TASK ITEM. Give back the records below exactly, omitting the pictures.

DATA TO EXAMINE.
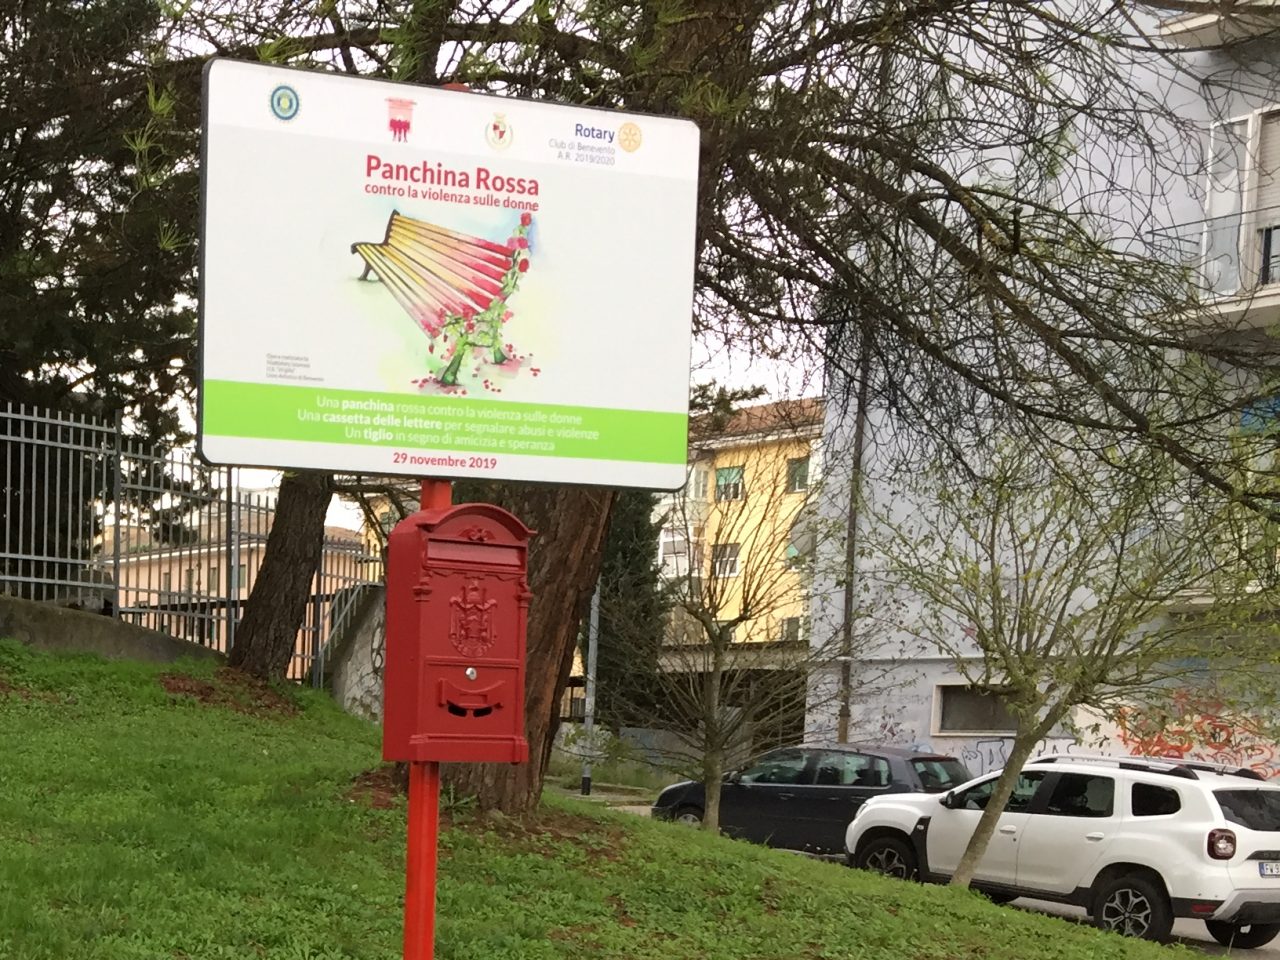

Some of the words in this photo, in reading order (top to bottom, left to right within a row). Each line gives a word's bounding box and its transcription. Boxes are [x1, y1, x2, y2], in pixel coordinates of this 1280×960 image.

[548, 138, 566, 149] Club
[568, 141, 575, 150] di
[575, 123, 615, 143] Rotary
[366, 154, 470, 189] Panchina
[476, 167, 539, 196] Rossa
[365, 182, 405, 197] contro
[407, 186, 418, 199] la
[421, 187, 471, 204] violenza
[473, 194, 500, 208] sulle
[503, 196, 540, 211] donne
[317, 395, 340, 408] Una
[342, 398, 395, 412] panchina
[396, 403, 426, 415] rossa
[427, 404, 464, 417] contro
[465, 406, 476, 418] la
[477, 407, 521, 421] violenza
[523, 410, 547, 423] sulle
[549, 412, 583, 425] donne
[297, 408, 321, 422] Una
[322, 412, 371, 426] cassetta
[373, 414, 401, 427] delle
[403, 416, 443, 430] lettere
[444, 421, 462, 433] per
[464, 422, 517, 436] segnalare
[518, 425, 545, 436] abusi
[547, 428, 554, 437] e
[556, 427, 600, 440] violenze
[345, 426, 361, 438] Un
[363, 428, 394, 442] tiglio
[395, 431, 406, 441] in
[407, 432, 440, 445] segno
[441, 433, 452, 445] di
[454, 435, 497, 448] amicizia
[499, 438, 506, 447] e
[508, 438, 556, 452] speranza
[393, 452, 408, 464] 29
[410, 454, 466, 468] novembre
[469, 456, 497, 469] 2019

RESULT FOR THIS TASK.
Some of the words in this photo, in reading order (top to bottom, left to right within a row). Each line gives a word's bounding box and its transcription. Boxes are [x1, y1, x2, y2], in pixel coordinates of this 1280×960 image.

[548, 138, 566, 149] Club
[568, 141, 575, 150] di
[575, 123, 615, 143] Rotary
[366, 154, 470, 189] Panchina
[476, 167, 539, 196] Rossa
[365, 182, 405, 197] contro
[407, 186, 418, 199] la
[421, 187, 471, 204] violenza
[473, 194, 500, 208] sulle
[503, 196, 540, 211] donne
[317, 395, 340, 408] Una
[342, 398, 395, 412] panchina
[396, 403, 426, 415] rossa
[427, 404, 464, 417] contro
[465, 406, 476, 418] la
[477, 407, 521, 421] violenza
[523, 410, 547, 423] sulle
[549, 412, 583, 425] donne
[297, 408, 321, 422] Una
[322, 412, 371, 426] cassetta
[373, 414, 401, 427] delle
[403, 416, 443, 430] lettere
[444, 421, 462, 433] per
[464, 422, 517, 436] segnalare
[518, 425, 545, 436] abusi
[547, 428, 554, 437] e
[556, 427, 600, 440] violenze
[345, 426, 361, 438] Un
[363, 428, 394, 442] tiglio
[395, 431, 406, 441] in
[407, 432, 440, 445] segno
[441, 433, 452, 445] di
[454, 435, 497, 448] amicizia
[499, 438, 506, 447] e
[508, 438, 556, 452] speranza
[393, 452, 408, 464] 29
[410, 454, 466, 468] novembre
[469, 456, 497, 469] 2019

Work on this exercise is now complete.